THE TASK: Produce a faithful copy of the data, one that leaves out the pictures.

RECORDS PROVIDED:

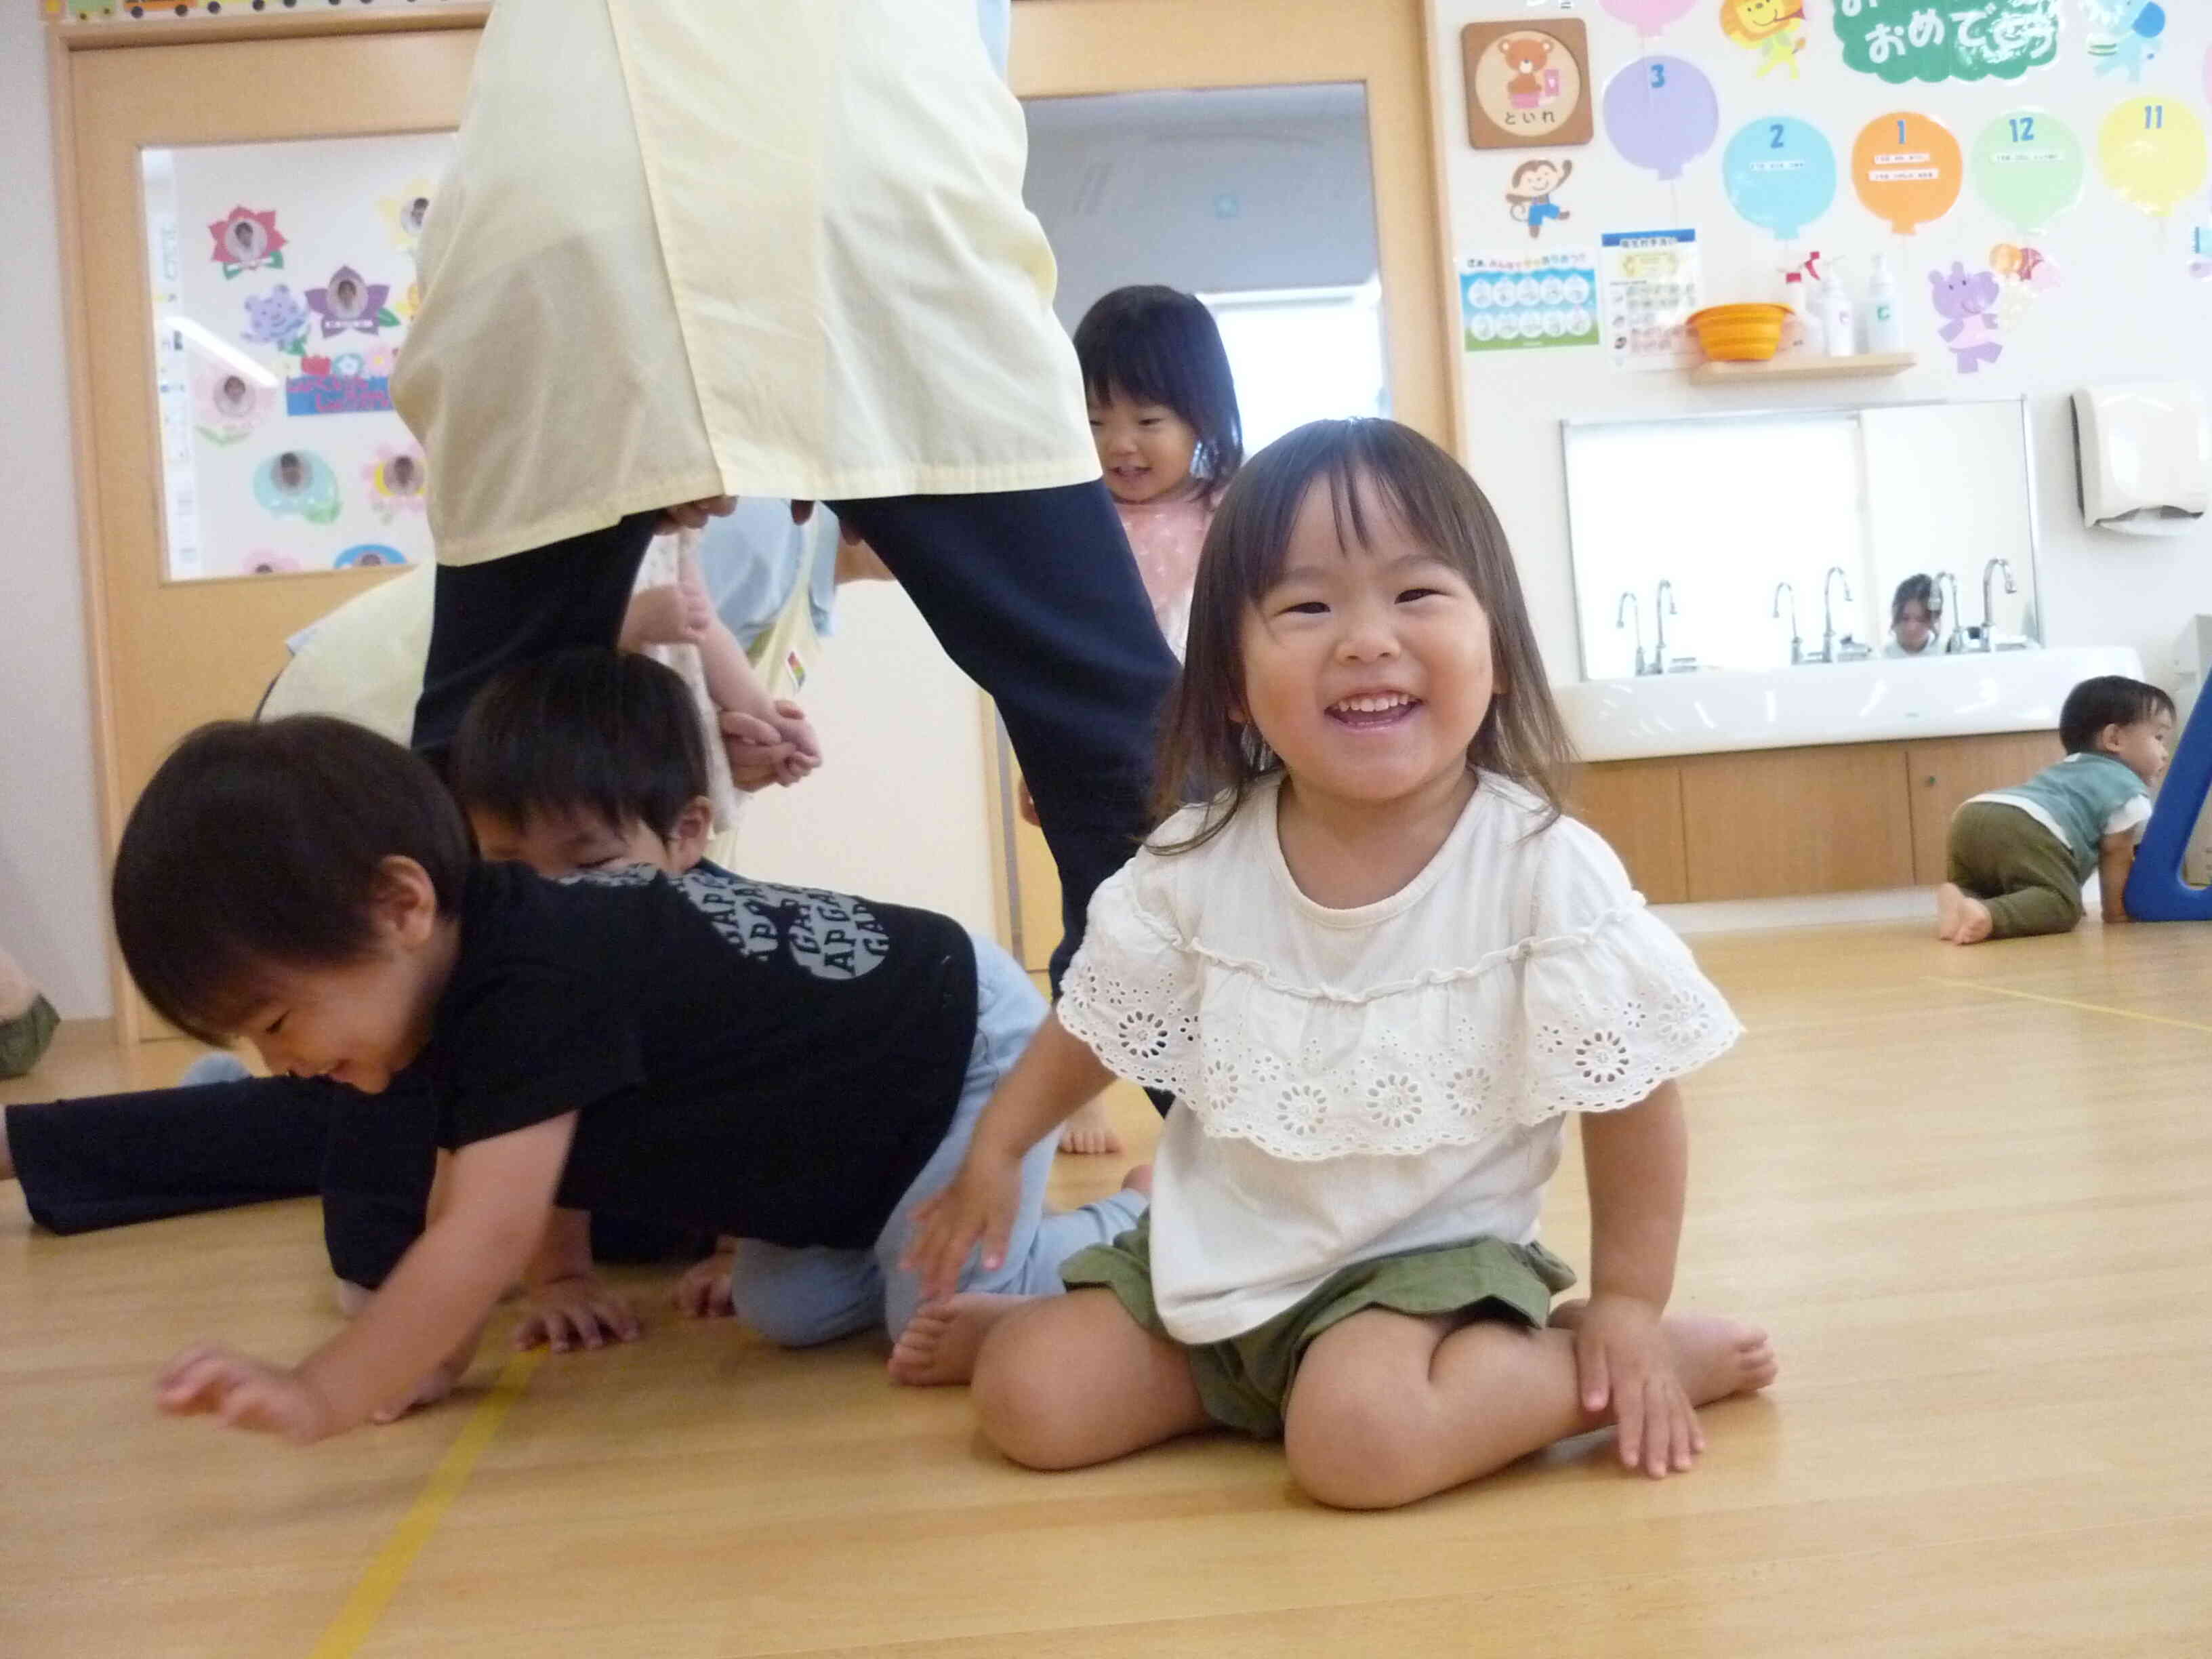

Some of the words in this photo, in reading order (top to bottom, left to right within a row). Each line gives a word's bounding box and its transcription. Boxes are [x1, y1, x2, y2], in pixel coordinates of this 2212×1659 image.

[1651, 64, 1665, 88] 3
[1504, 111, 1555, 125] といれ
[2144, 104, 2163, 129] 11
[1769, 124, 1784, 149] 2
[1897, 120, 1905, 145] 1
[2009, 117, 2034, 142] 12
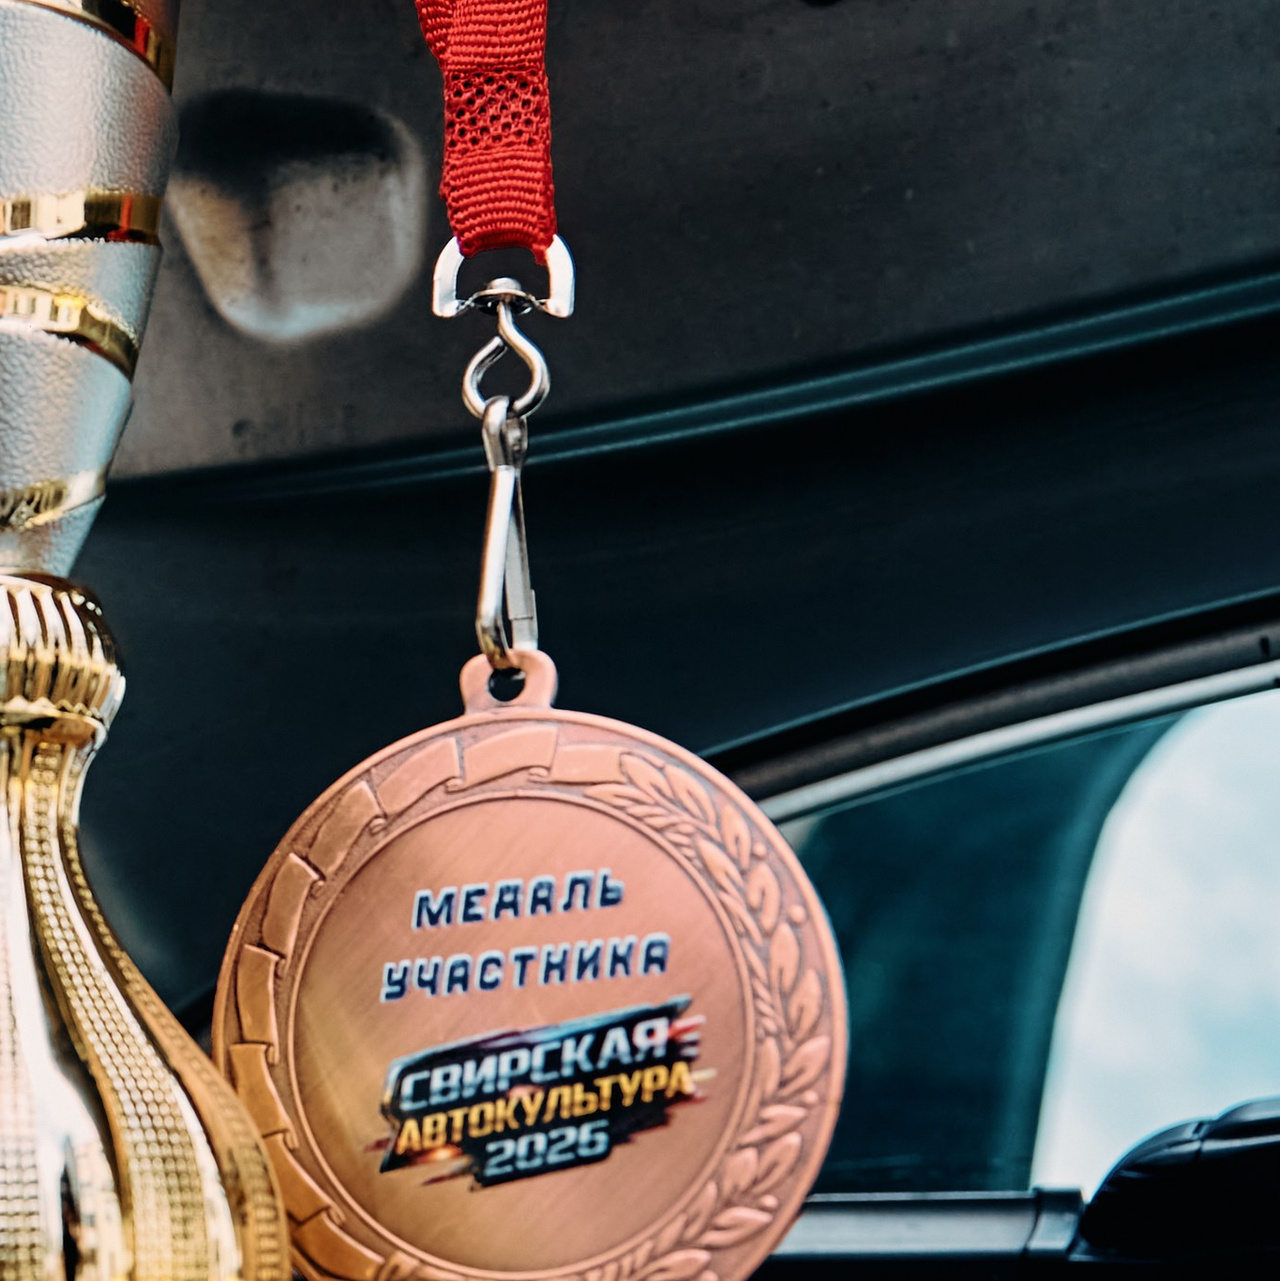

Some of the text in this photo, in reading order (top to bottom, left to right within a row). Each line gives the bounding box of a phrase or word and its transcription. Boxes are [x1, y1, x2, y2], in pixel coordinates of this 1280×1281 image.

RESULT:
Some of the words in this photo, in reading order (top to bottom, left to right within a row). Each line gives a word's bounding box and its transcription. Boxes are [x1, y1, x2, y2], in pixel coordinates of this 2212×1659 image.

[1651, 64, 1665, 88] 3
[1504, 111, 1555, 125] といれ
[2144, 104, 2163, 129] 11
[1769, 124, 1784, 149] 2
[1897, 120, 1905, 145] 1
[2009, 117, 2034, 142] 12

Some of the text in this photo, in reading order (top to bottom, left to right within a row). Each line gives the bounding box of a phrase or word and its transcription. Boxes are [x1, y1, x2, y2], in pixel coordinates of this 1280×1281 image.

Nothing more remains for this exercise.